- _Action item_:
Please make an exact copy of the listing, without the pictures.

- _Exercise data_:
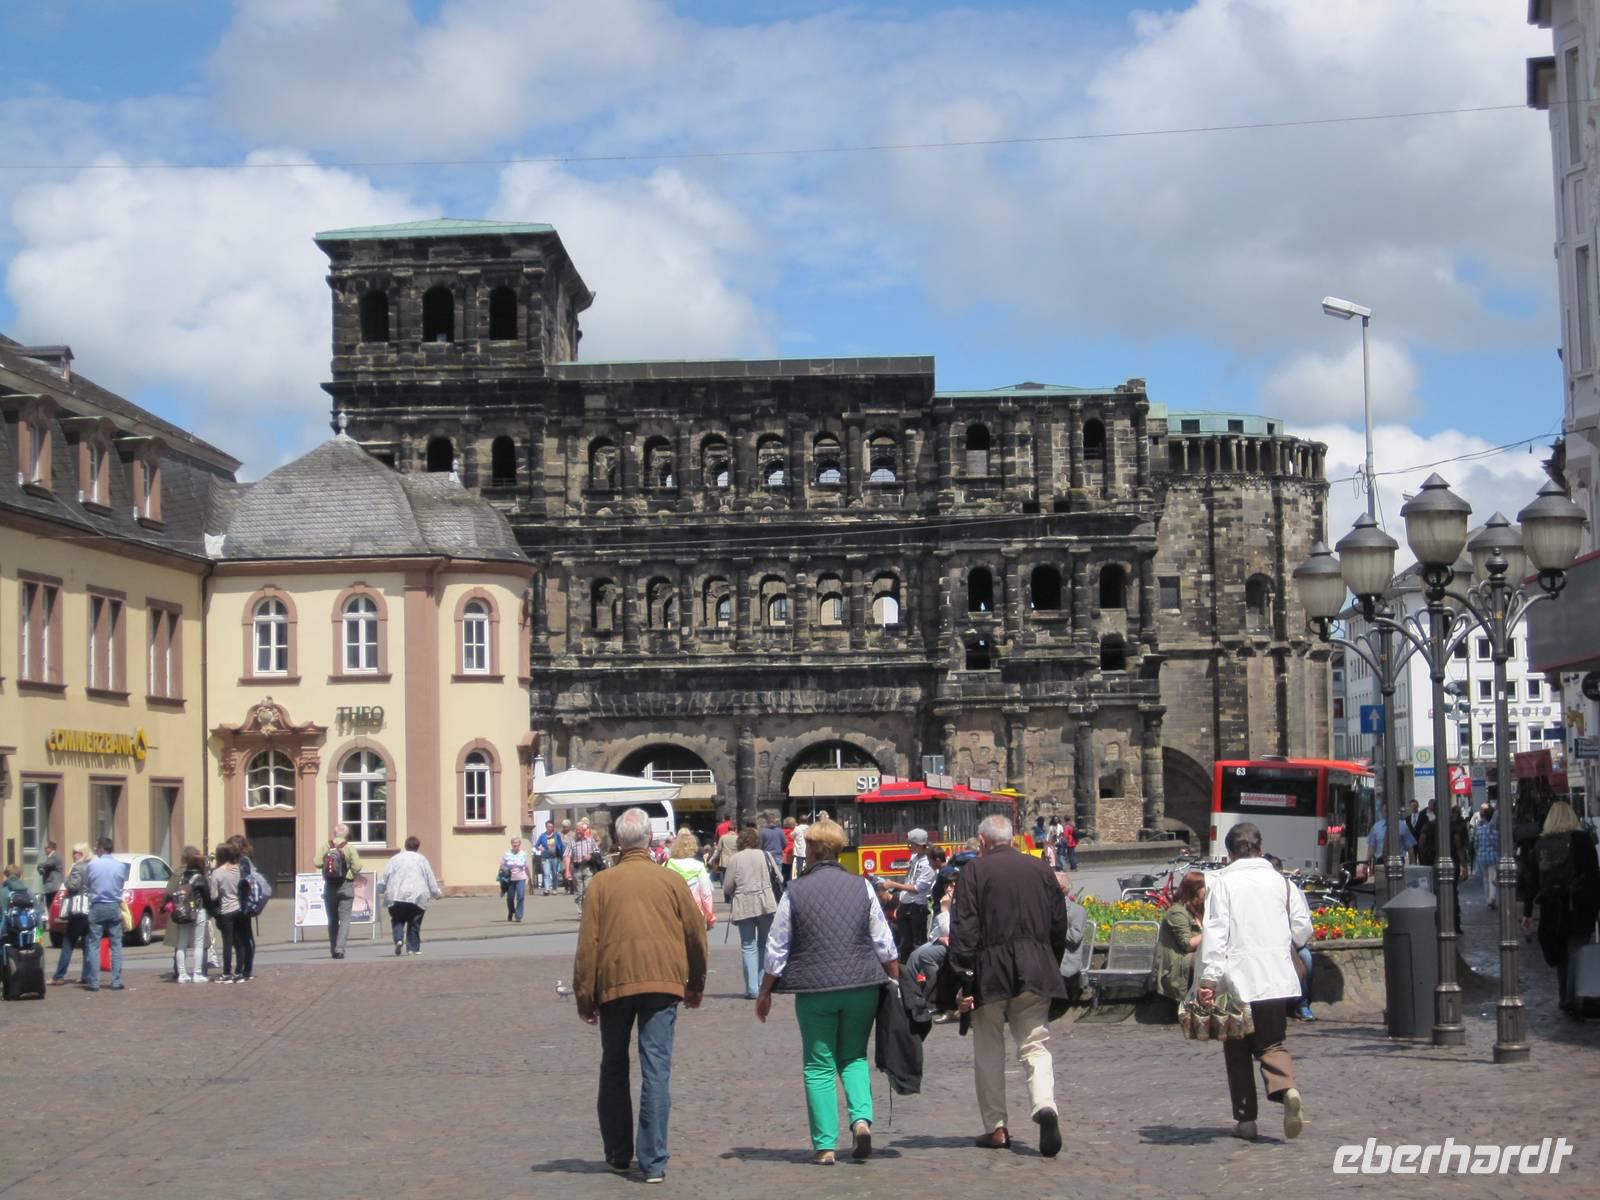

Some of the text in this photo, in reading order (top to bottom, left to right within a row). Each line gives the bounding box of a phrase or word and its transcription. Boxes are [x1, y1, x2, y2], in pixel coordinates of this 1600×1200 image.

[336, 705, 384, 721] THEO
[47, 728, 133, 755] COMMERZBANK
[1235, 767, 1246, 776] 63
[857, 776, 879, 790] SP
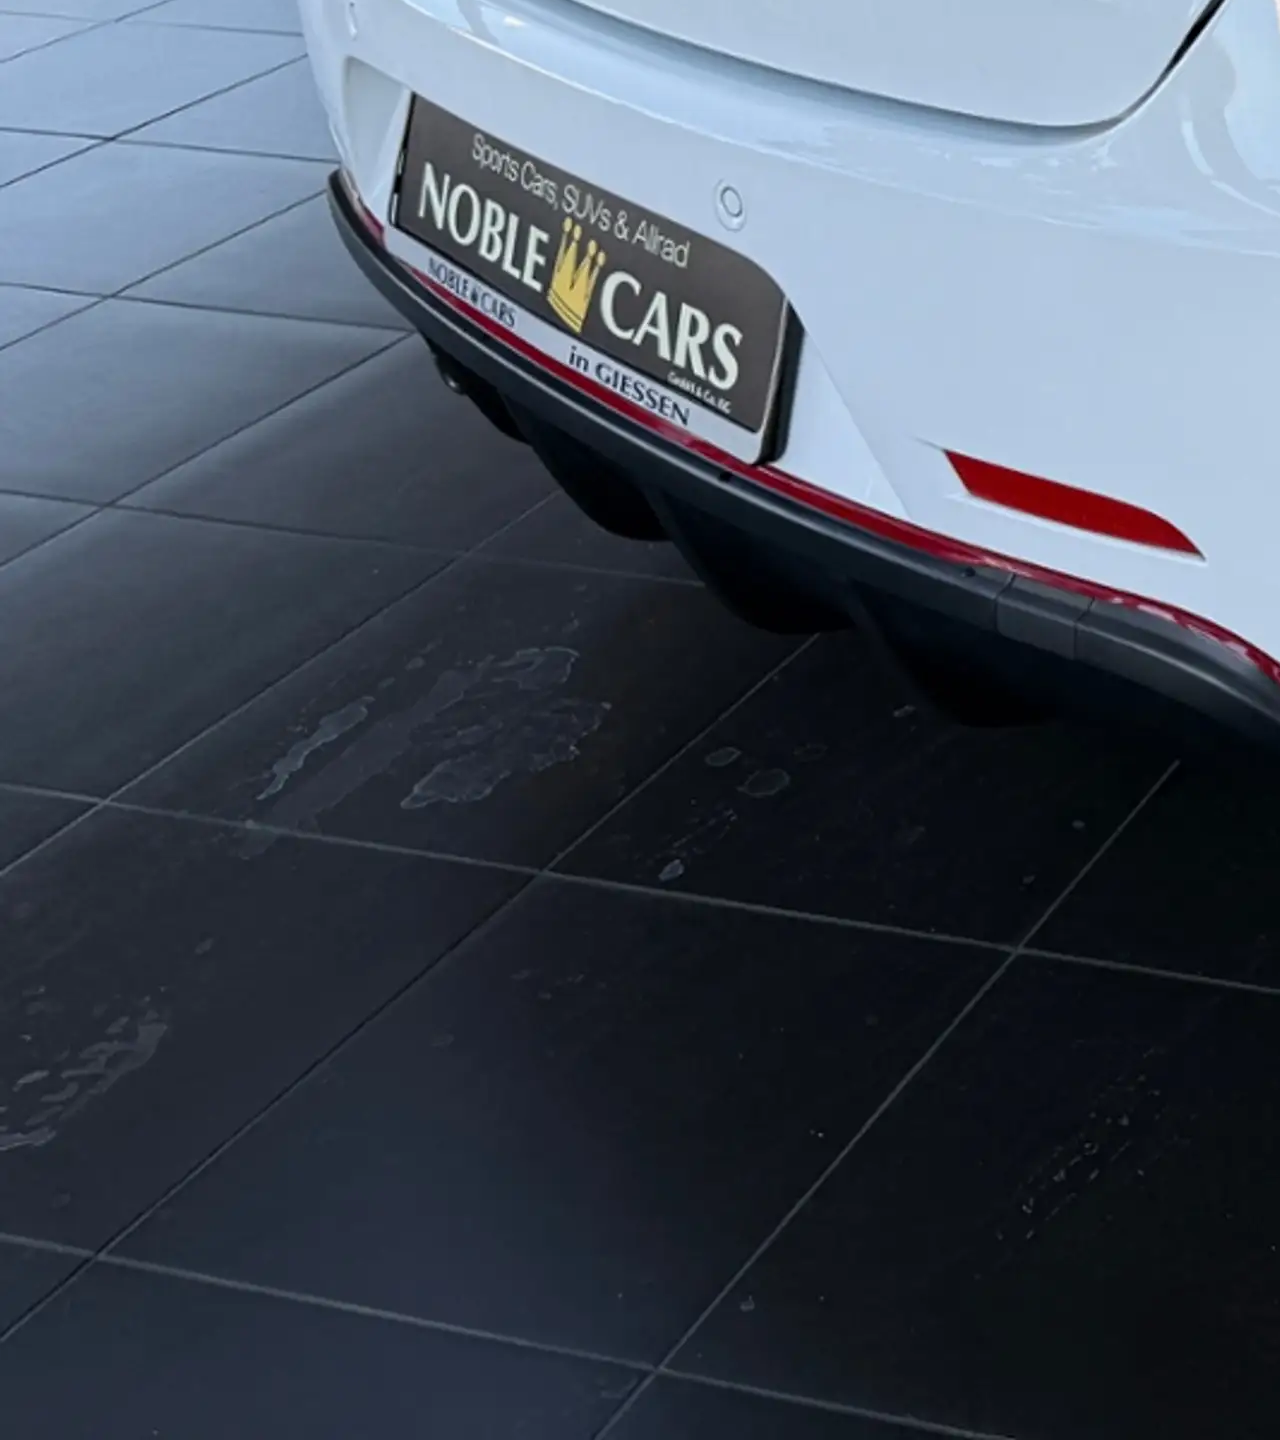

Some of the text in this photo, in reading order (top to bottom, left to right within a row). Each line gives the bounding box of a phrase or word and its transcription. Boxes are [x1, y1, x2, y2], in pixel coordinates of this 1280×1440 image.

[472, 133, 691, 269] Sports Cars, SUVs & Allrad
[418, 162, 743, 391] NOBLE CARS
[427, 257, 469, 299] NOBLE
[567, 345, 691, 427] in GIESSEN

- _Task answer_:
Some of the text in this photo, in reading order (top to bottom, left to right within a row). Each line gives the bounding box of a phrase or word and its transcription. Boxes are [x1, y1, x2, y2], in pixel coordinates of this 1600×1200 image.

[336, 705, 384, 721] THEO
[47, 728, 133, 755] COMMERZBANK
[1235, 767, 1246, 776] 63
[857, 776, 879, 790] SP

Some of the text in this photo, in reading order (top to bottom, left to right within a row). Each line gives the bounding box of a phrase or word and its transcription. Boxes are [x1, y1, x2, y2], in pixel coordinates of this 1280×1440 image.

[472, 133, 691, 269] Sports Cars, SUVs & Allrad
[418, 162, 743, 391] NOBLE CARS
[427, 257, 469, 299] NOBLE
[567, 345, 691, 427] in GIESSEN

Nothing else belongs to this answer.